Halliburton: Government Sponsored Unethical Dilemmas
Auburn University Montgomery
Value & Ethics for Strategic Leaders
December 2, 2012
Ethics is not a subject that is as unfamiliar as some people would like to pretend. We were all taught beginning ethics as children. What I mean is that when our parents taught us basic right from wrong, and to be kind to others, these were our first lessons in ethical behavior. The majority of companies do have ethical codes of conduct but do not enforce them, and some do not know how to enforce their own ethical codes. However, many people and organizations prefer to act as if ethics do not exist. Basically, these organizations and their people prefer to operate on the thought process that if it does not harm me, why should I care? Can you imagine what our world would be like if we all chose to behave in this fashion? Sadly, some of our biggest corporations in this country do still operate under this belief.

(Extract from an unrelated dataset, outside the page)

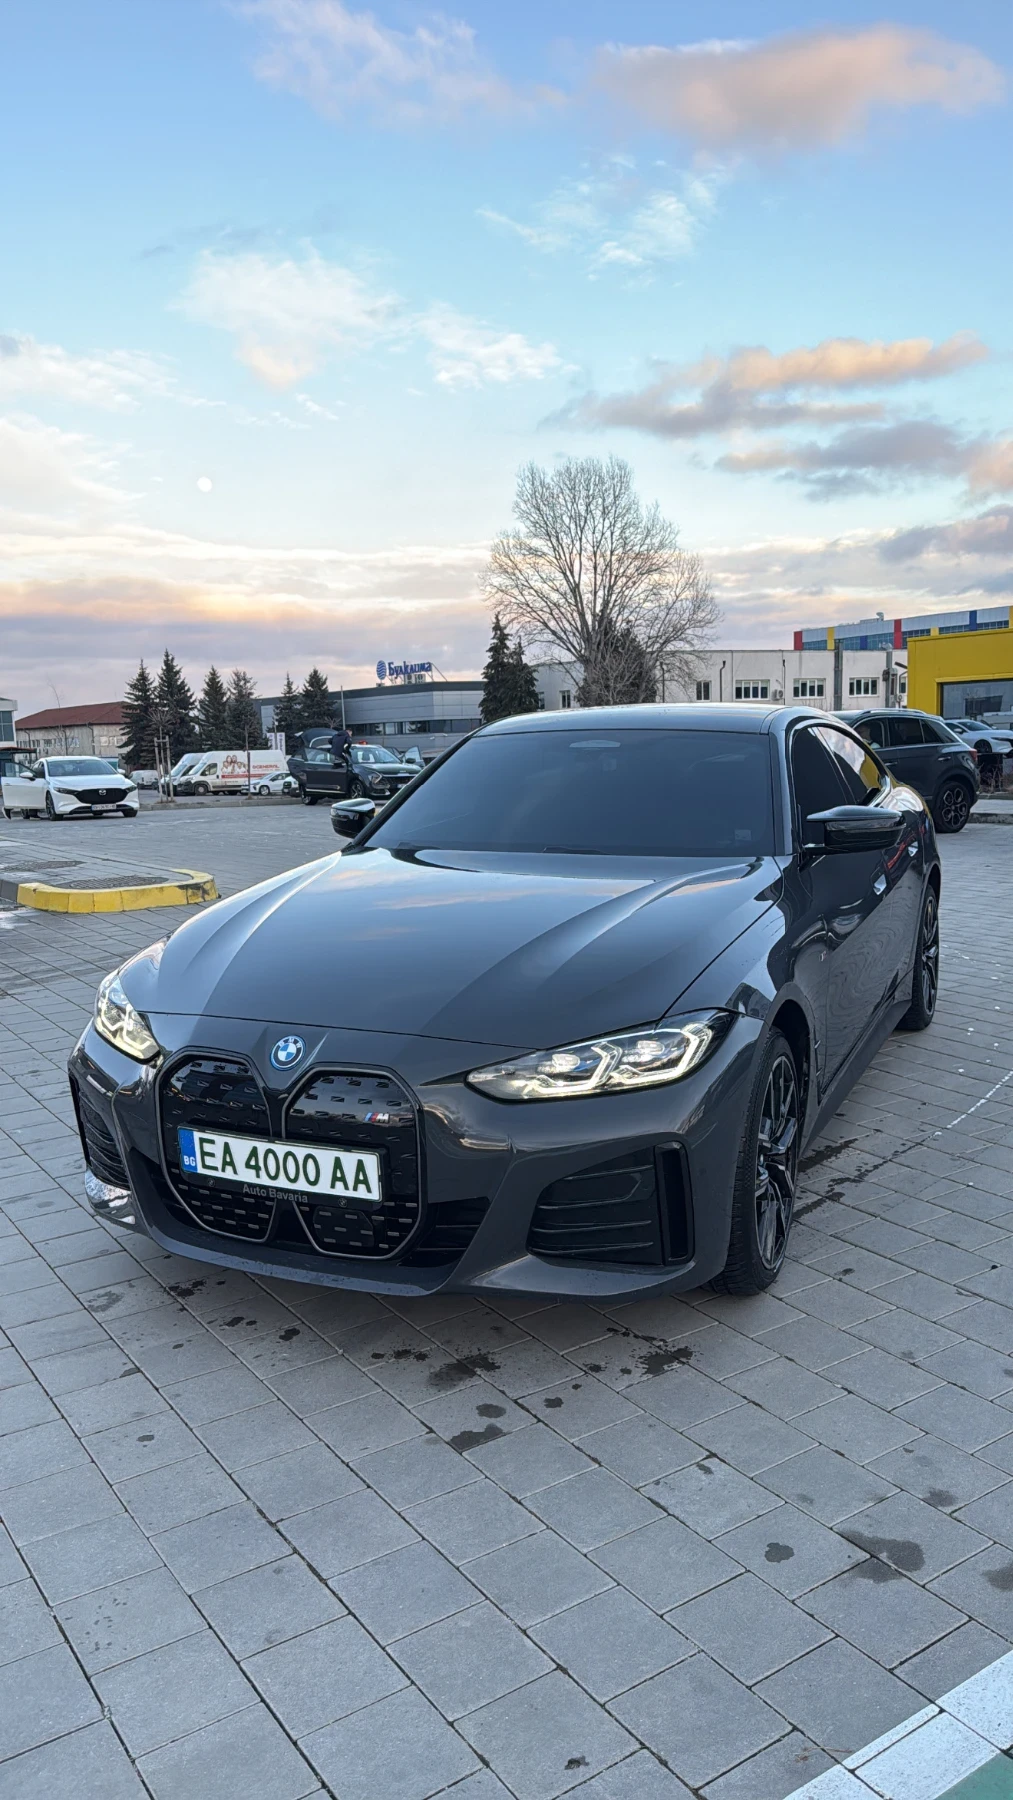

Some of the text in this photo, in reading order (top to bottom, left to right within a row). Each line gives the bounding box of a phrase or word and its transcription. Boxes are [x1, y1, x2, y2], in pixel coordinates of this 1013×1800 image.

Unfortunately, for years many people and organizations have been able to function in this capacity and have made billions because of it. More importantly, some of these people and organizations are some of the biggest and most important in our country. Not to mention, these people and organizations were acting unethical while doing a job that should require the absolute utmost ethical behavior. In addition, it is not that these people or organizations operated unethically on just one issue but they committed numerous unethical decisions and behaviors over a period of many years. Additionally, many of these unethical business dealings did not just affect those involved in the actual business but it affected every United States citizen. Moreover, technically we are still paying for this behavior today and will be for generations to come. Unfortunately, it seems as if their business code of ethics is more for show than actual sustenance.
Halliburton is a major fortune 500 company and the mother company of numerous subsidiaries who are major corporations in their own right. More importantly, some very influential people have operated Halliburton and its subsidiaries. For example, ex-Vice President Dick Cheney and President Bush’s grandfather were top executives of Halliburton for many years and still own stock options in the company. Moreover, these were the people in charge when numerous allegations of unethical and criminal conduct were first alleged against the company. Not to mention, this is the company our government has entrusted with the safety of our deployed soldier’s food, water, and transportation in war zones in the Middle East. Halliburton is also the same company that our government has awarded billions of dollars to repeatedly in no bid contracts for services to our military. More notably, these contracts are the main source of the money we are spending on the war that American citizens feel has left our country in unnecessary debt.
Halliburton has been accused of numerous unethical business dealings and criminal sanctions regarding fraud and doing business with rogue nations. Not to mention, they were sued by a female employee who claimed she was gang-raped by other employees while doing contract work on a United States military installation in Iraq. Moreover, former Halliburton subsidiary KBR just lost a lawsuit against them by a National Guard unit claiming while providing security for the company in Iraq, the company exposed them to hazardous conditions knowingly. In Bixby v. KBR, Inc., 748 F.Supp.2d 1224, the court opinion states:
In addition to preexisting sodium dichromate, it appears that defendants brought additional sodium dichromate to the site in June 2003, and continued storing and working with it at the site. In an internal email, a KBR employee discussed sodium dichromate contamination at Qarmat Ali in June 2003, and recommended that appropriate remedial measures be taken.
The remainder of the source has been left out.